As someone who can remember typing up my first poems on a BBC Basic and saving them onto a 30 minute cassette tape that made pig squealing noises every time you wanted to load it....I reckon, bringing them all together 3 decades later, might be a wee bit overdue.
Obviously I have no idea where those early poems are but if I could find them, I would imagine that they would tell me as much about that time in my life as all those I am lucky enough to have scraps of, from my teens, through to the present time.

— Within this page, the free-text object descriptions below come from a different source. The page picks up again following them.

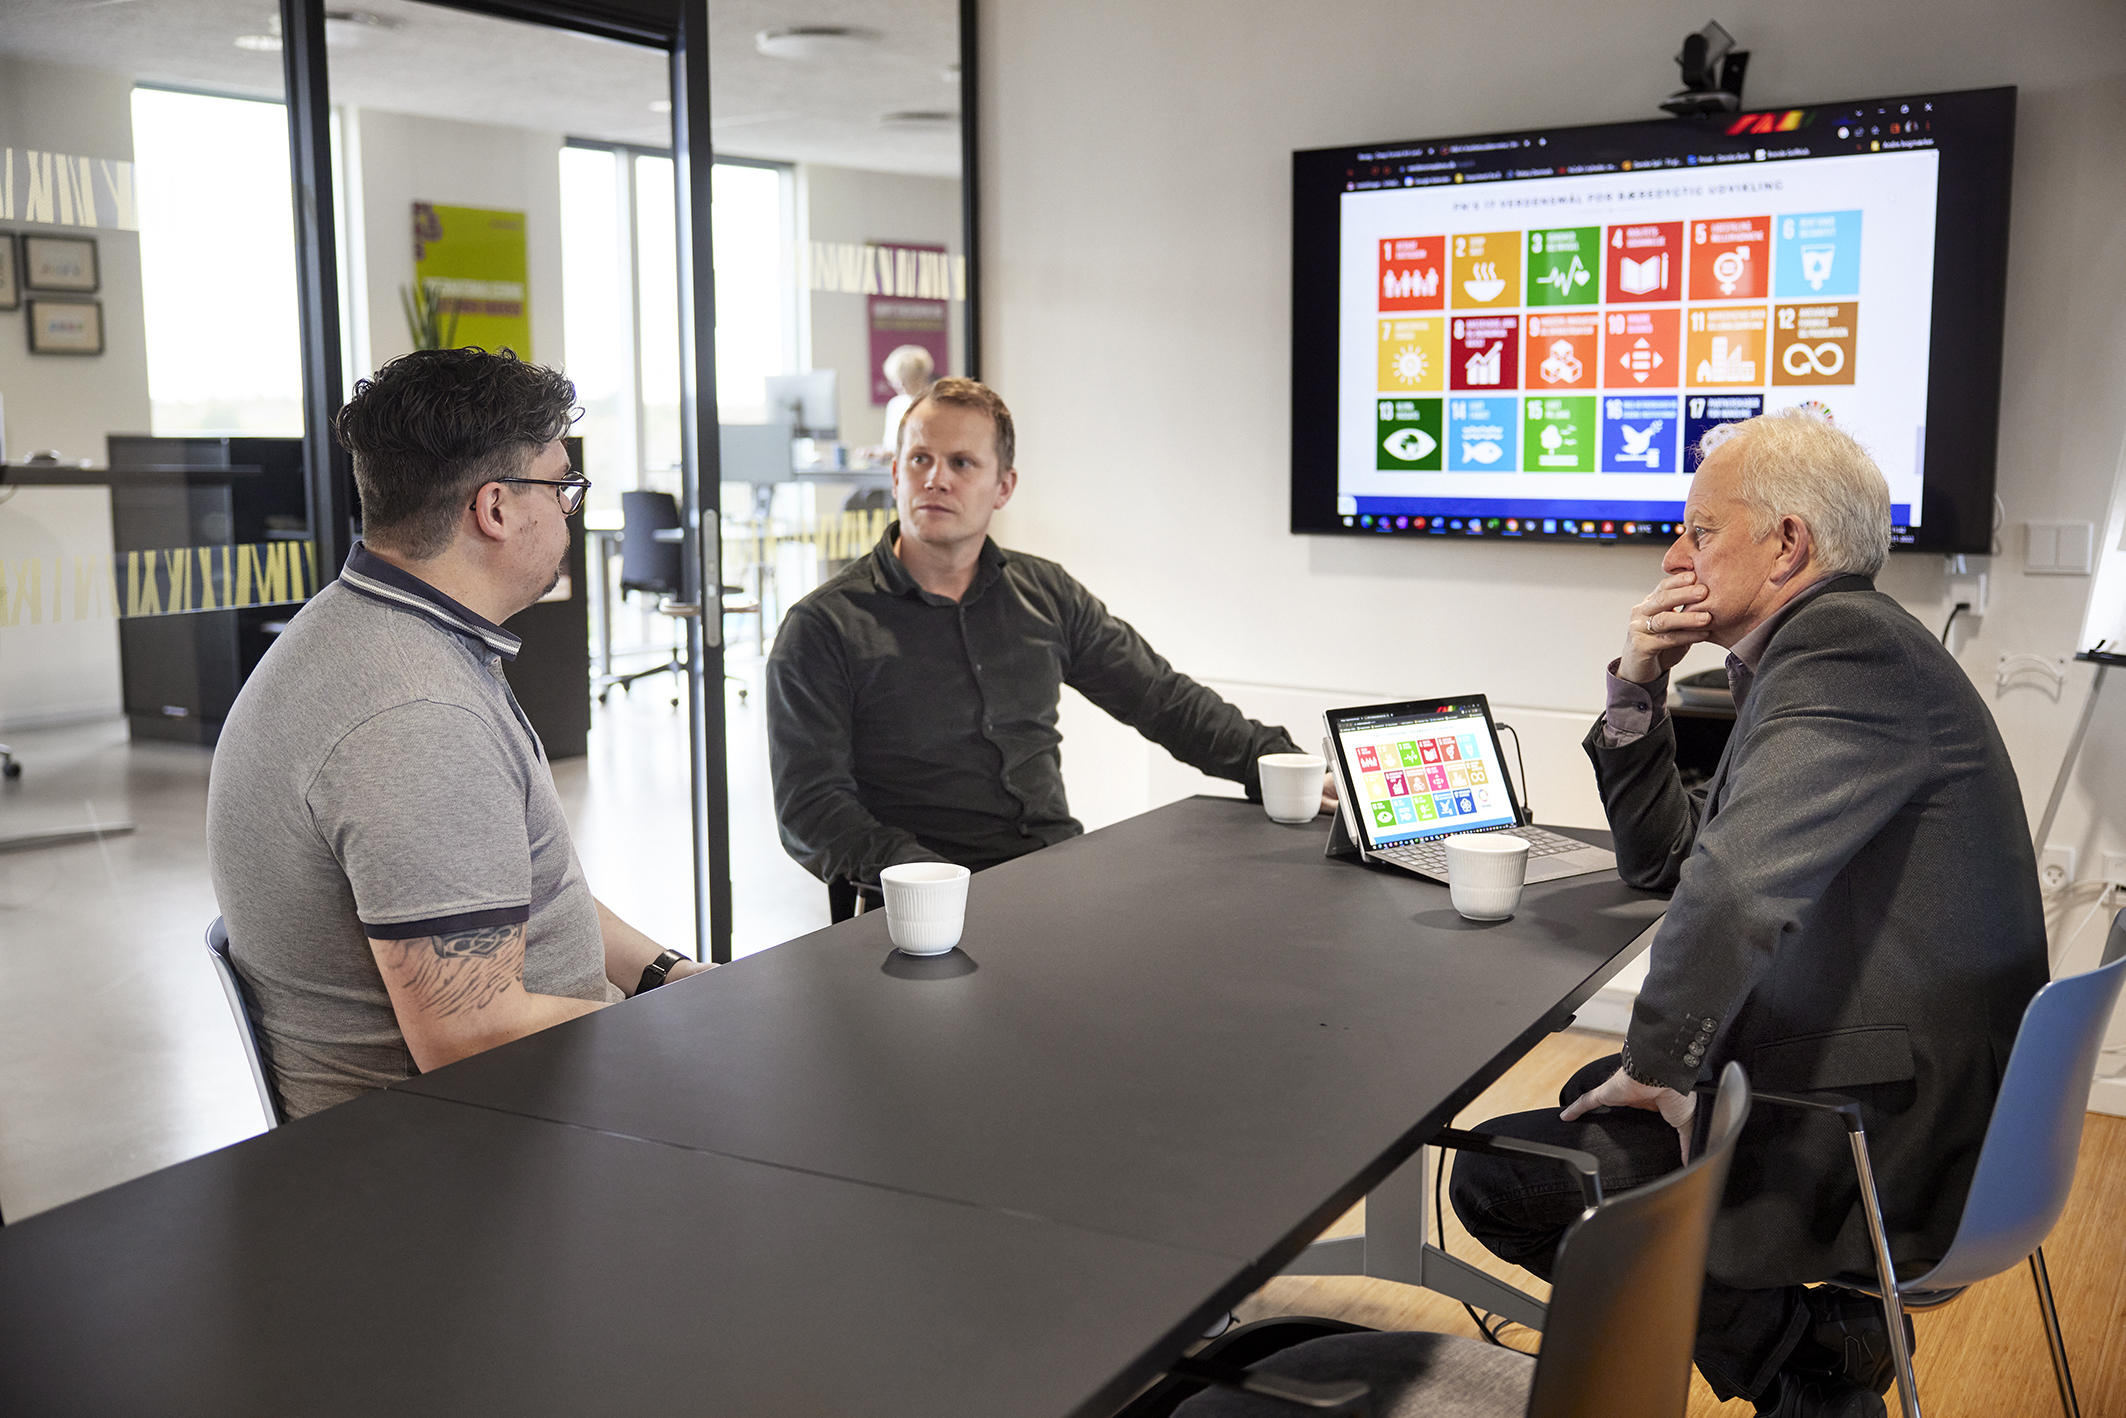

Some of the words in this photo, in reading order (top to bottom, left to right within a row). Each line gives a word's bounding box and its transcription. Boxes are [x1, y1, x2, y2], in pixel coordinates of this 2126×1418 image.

[1611, 228, 1624, 249] 4
[1695, 223, 1707, 245] 5
[1783, 218, 1795, 240] 6
[1384, 241, 1393, 261] 1
[1455, 237, 1467, 257] 2
[1531, 233, 1543, 254] 3
[1529, 316, 1541, 337] 9
[1607, 313, 1626, 335] 10
[1691, 311, 1705, 332] 11
[1778, 307, 1795, 330] 12
[1382, 321, 1392, 341] 7
[1453, 319, 1465, 340] 8
[1379, 401, 1394, 421] 13
[1451, 401, 1467, 421] 14
[1527, 400, 1543, 420] 15
[1689, 397, 1706, 419] 17

It took me a long time to realise not to throw away the ones I think are rubbish, because it isn't really the point whether they are any good or not. Poems are like a picture of the soul at that moment, a selfie of words, #nofilter
Of course, they are most valuable with the context of events and relationships. Sometimes that is very obvious given the date but sometimes not and probably there will be a few where I won't be telling! Good poetry should stand on its own too however (which is why some of them, I am certainly not claiming as masterpieces!!!)
Where to start though?

The day I proved my English Lecturers wrong and they did the same in return. The challenge of being told I was not disciplined enough to conquer the sonnet form and this was why I hated them. Which obviously meant proving my lecturers wrong by entering the university sonnet competition and winning. Foolishly as it turned out because I had to fall in love with the form to truly "get it" and now I shall forever be drawn to writing sonnets in my head on a train, on my bike, in the shower, doing the dishes.....it's a curse....but this was the very first one and it will always be my favourite.
Sonnet No. 11
The joy which stops the battered drum that beats,
And deafens time with eyes that wash with truth,
Whose secret touch endures through winter’s sleet,
And warms forbidden sorrow, yet remains to me aloof.

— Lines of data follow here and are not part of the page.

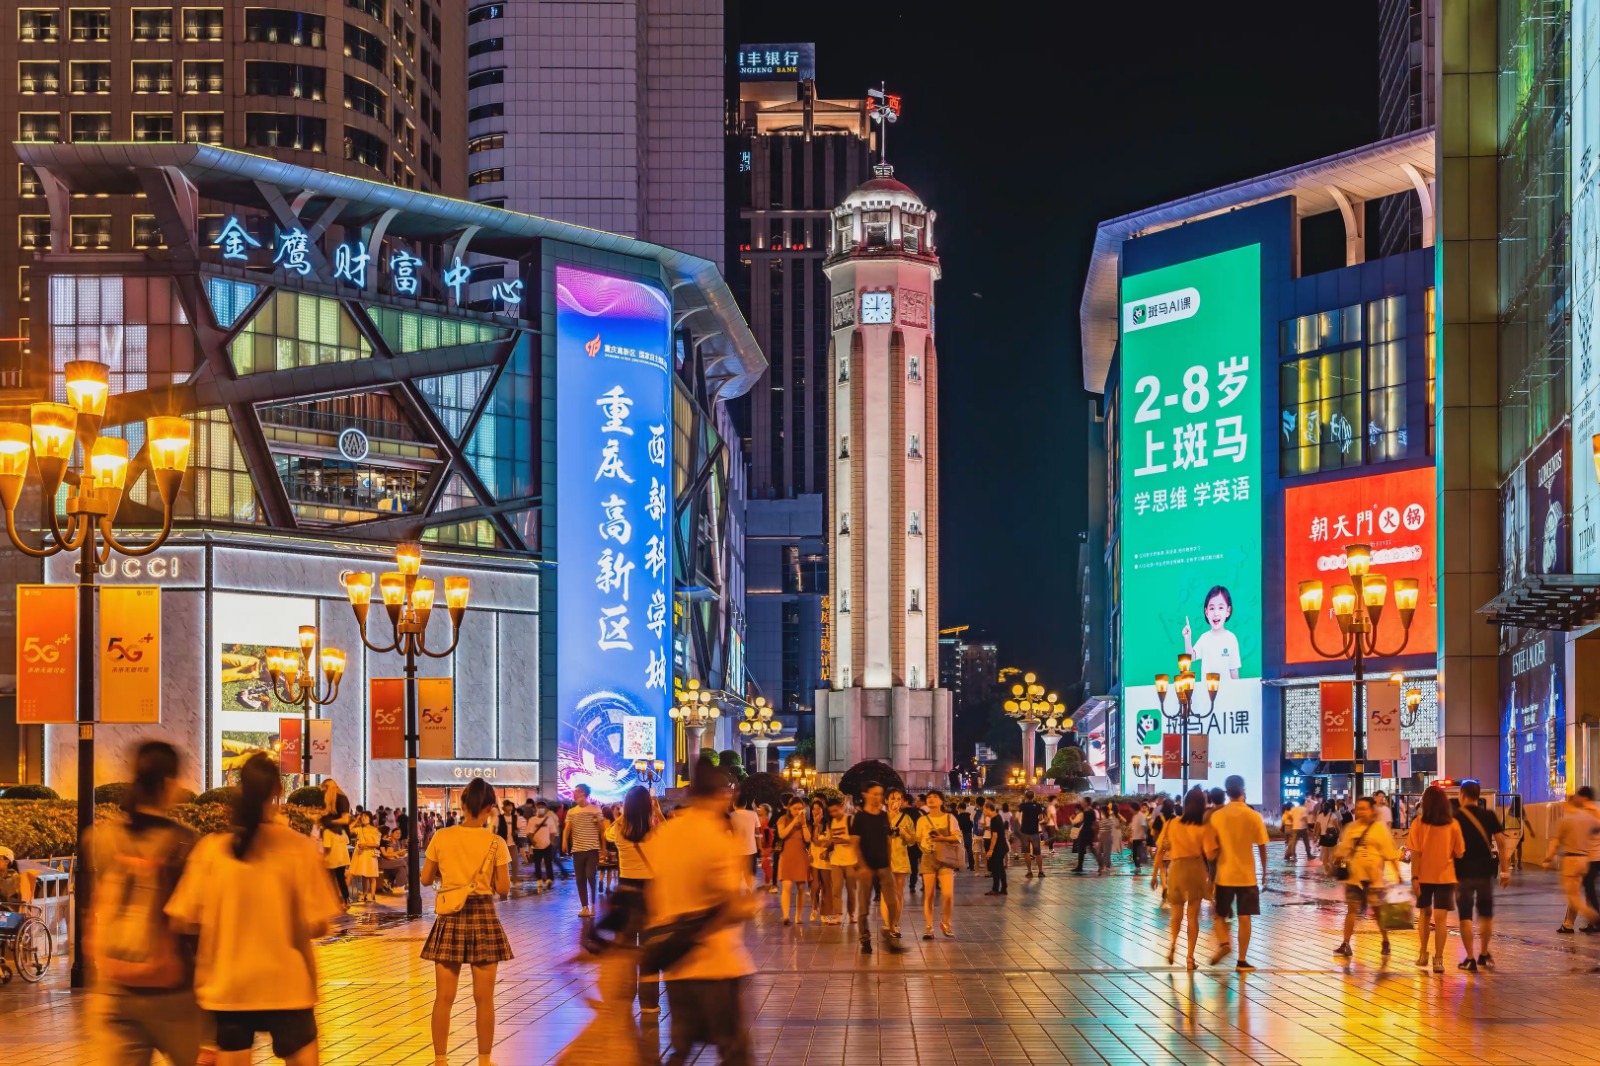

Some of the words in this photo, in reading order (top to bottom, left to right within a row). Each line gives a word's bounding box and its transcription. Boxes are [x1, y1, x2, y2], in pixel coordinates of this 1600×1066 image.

[214, 216, 524, 305] 金鹰财富中心
[1148, 297, 1191, 319] 斑马AI课
[1134, 356, 1249, 424] 2-8岁
[1134, 415, 1248, 477] 上斑马
[1538, 448, 1563, 487] LONGINES
[1134, 485, 1187, 516] 学思维
[1194, 476, 1250, 507] 学英语
[594, 385, 636, 651] 重庆高新区
[75, 557, 180, 578] UCCI
[454, 767, 498, 779] GUCCI

These memories we reap from seeds of feelings cast,
In the fires of our dwelling, in those confines when we
part,
And tastes the oak age breath of moments past,
That singe my lowland lips, but burn my highland heart.
Leave not my friend, but stay a while and dare,
Though guilt may later pierce and turn a wound so deep,
Abandon fear and reason in instants that we share,
That longings other than regret should cause my wants to
weep.
So live, and in thy looks, live free.
That I may see your soul, and live in thee.